[Records — start]

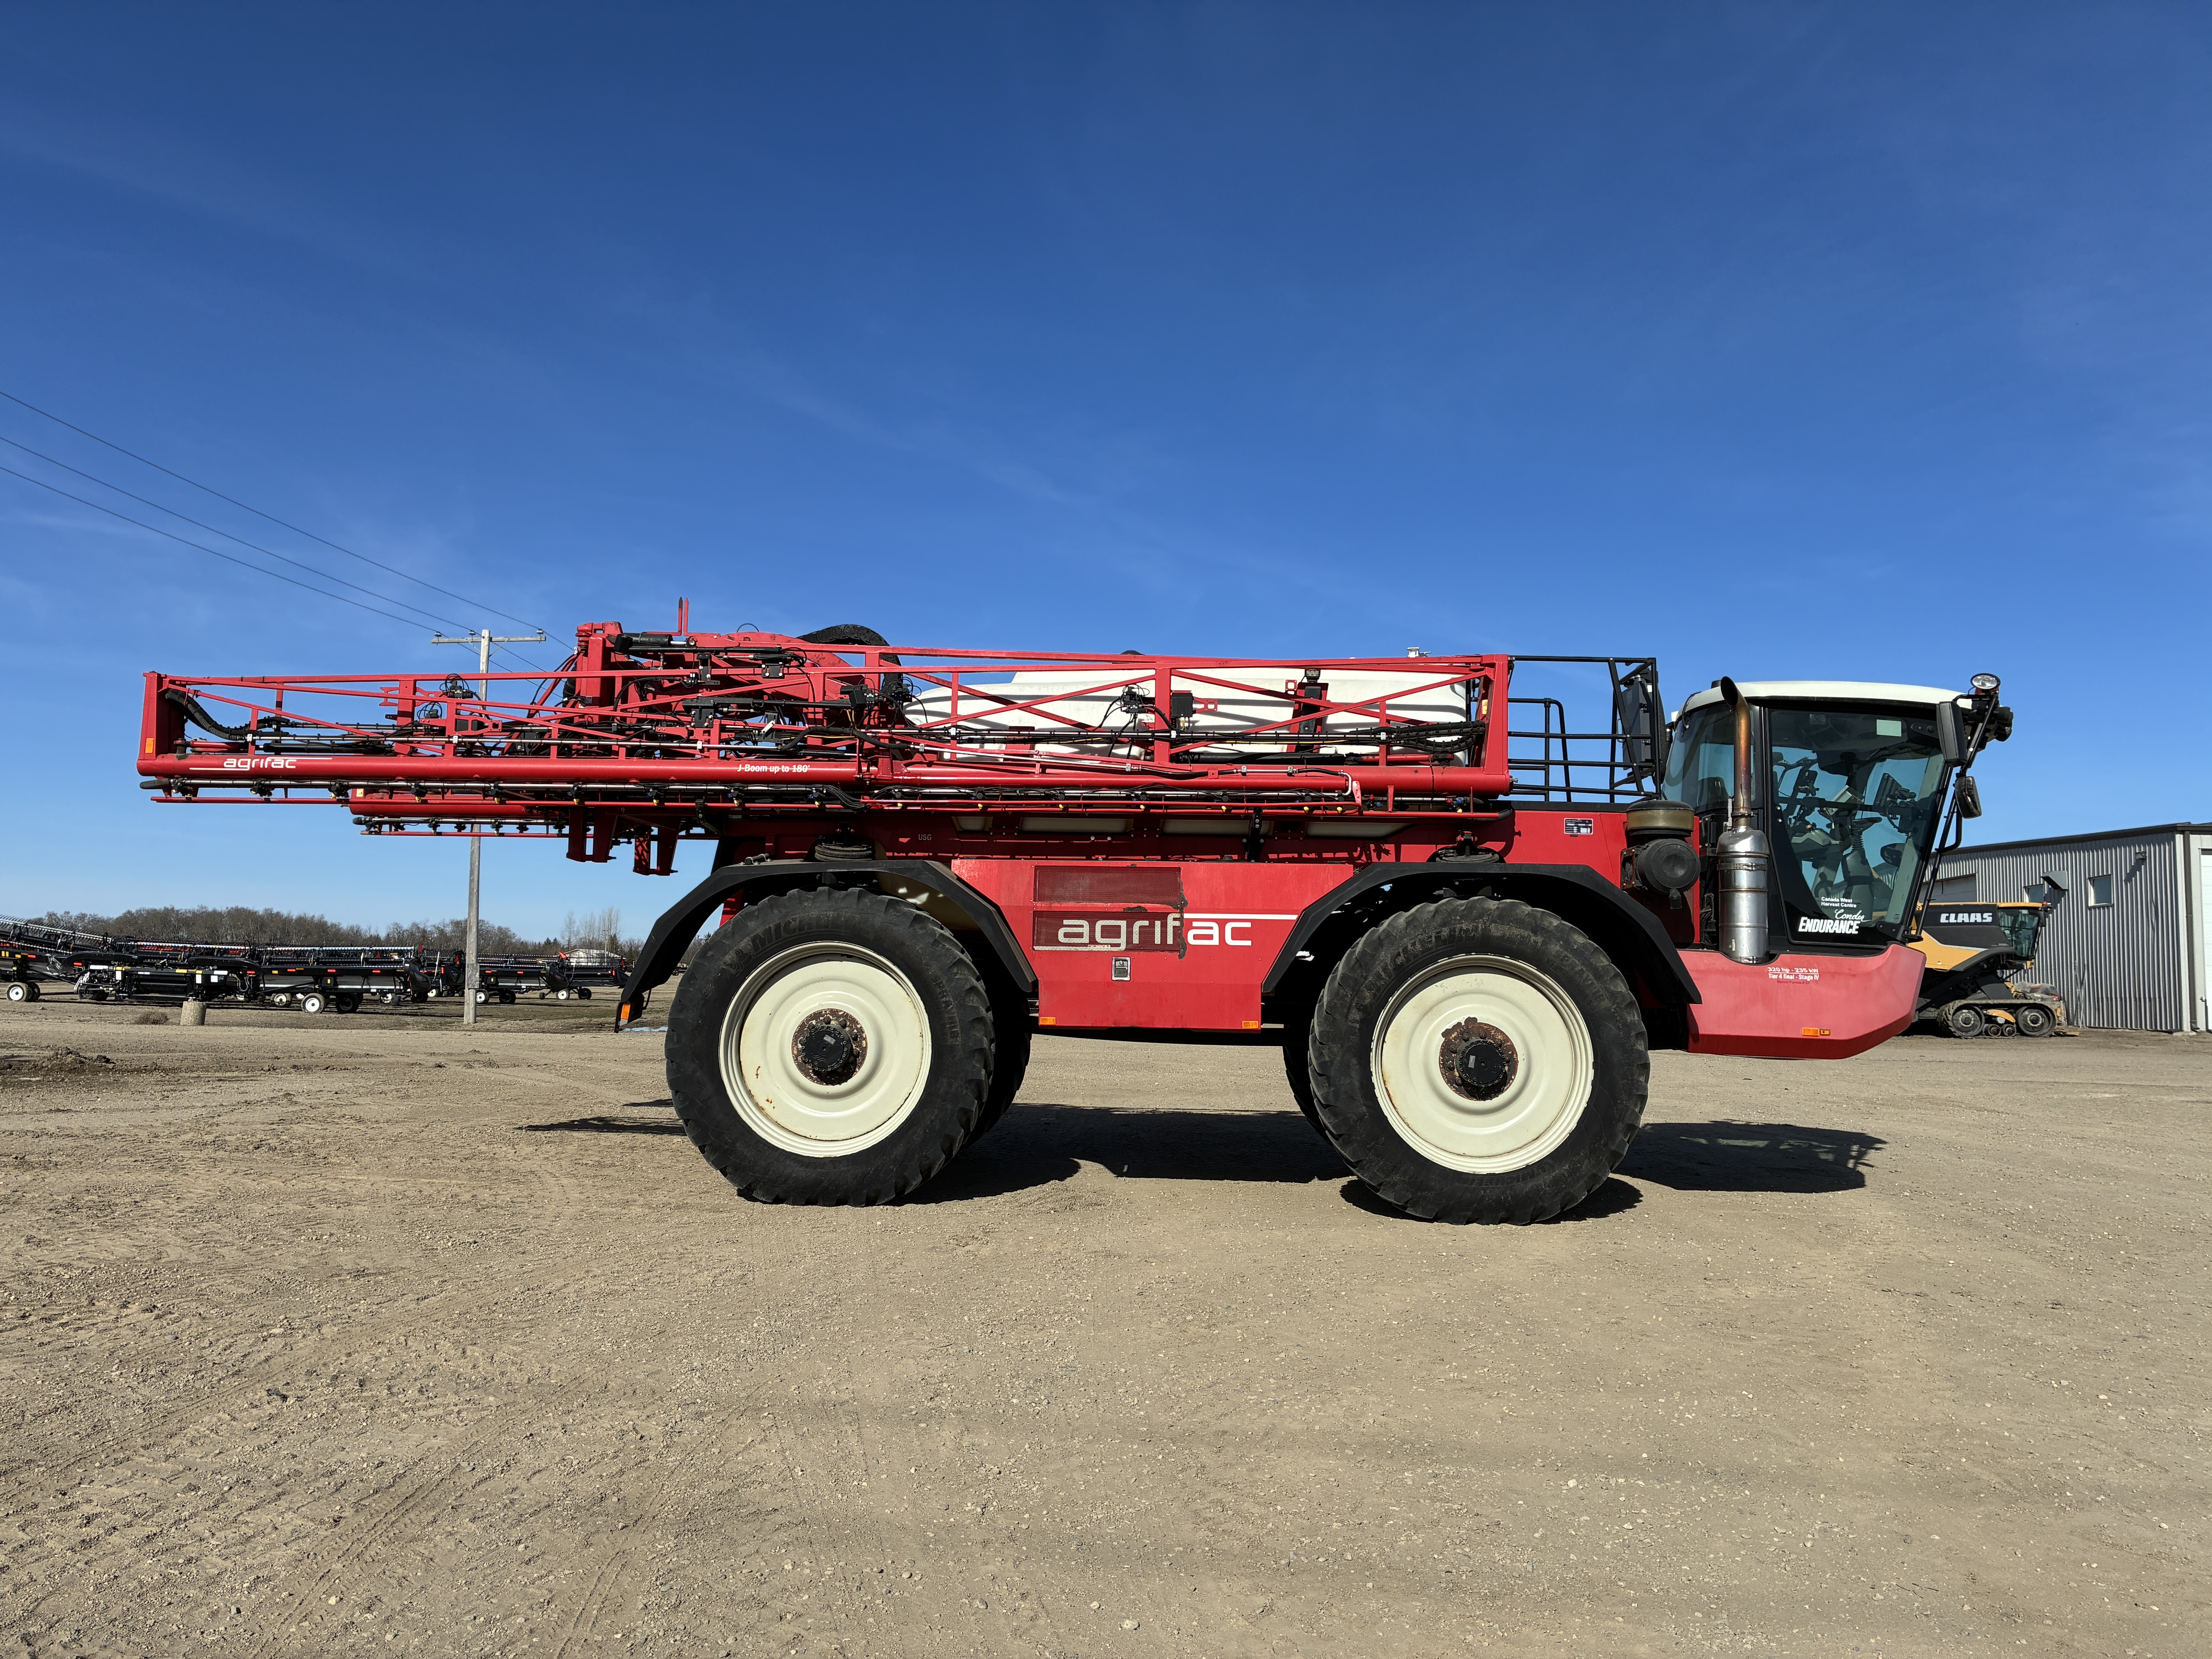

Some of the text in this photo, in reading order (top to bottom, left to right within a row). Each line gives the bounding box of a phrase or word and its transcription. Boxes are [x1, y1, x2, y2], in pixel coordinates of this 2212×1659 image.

[223, 757, 297, 771] agrifac
[769, 766, 780, 774] up
[1940, 913, 1992, 923] CLAAS
[1058, 913, 1252, 951] agrifac
[1798, 917, 1860, 934] ENDURANCE

[Records — finish]

*Task objective*. The records, exactly as written but without images, should be returned.

*Task solution*.
Some of the text in this photo, in reading order (top to bottom, left to right within a row). Each line gives the bounding box of a phrase or word and its transcription. Boxes are [x1, y1, x2, y2], in pixel coordinates of this 2212×1659 image.

[223, 757, 297, 771] agrifac
[769, 766, 780, 774] up
[1940, 913, 1992, 923] CLAAS
[1058, 913, 1252, 951] agrifac
[1798, 917, 1860, 934] ENDURANCE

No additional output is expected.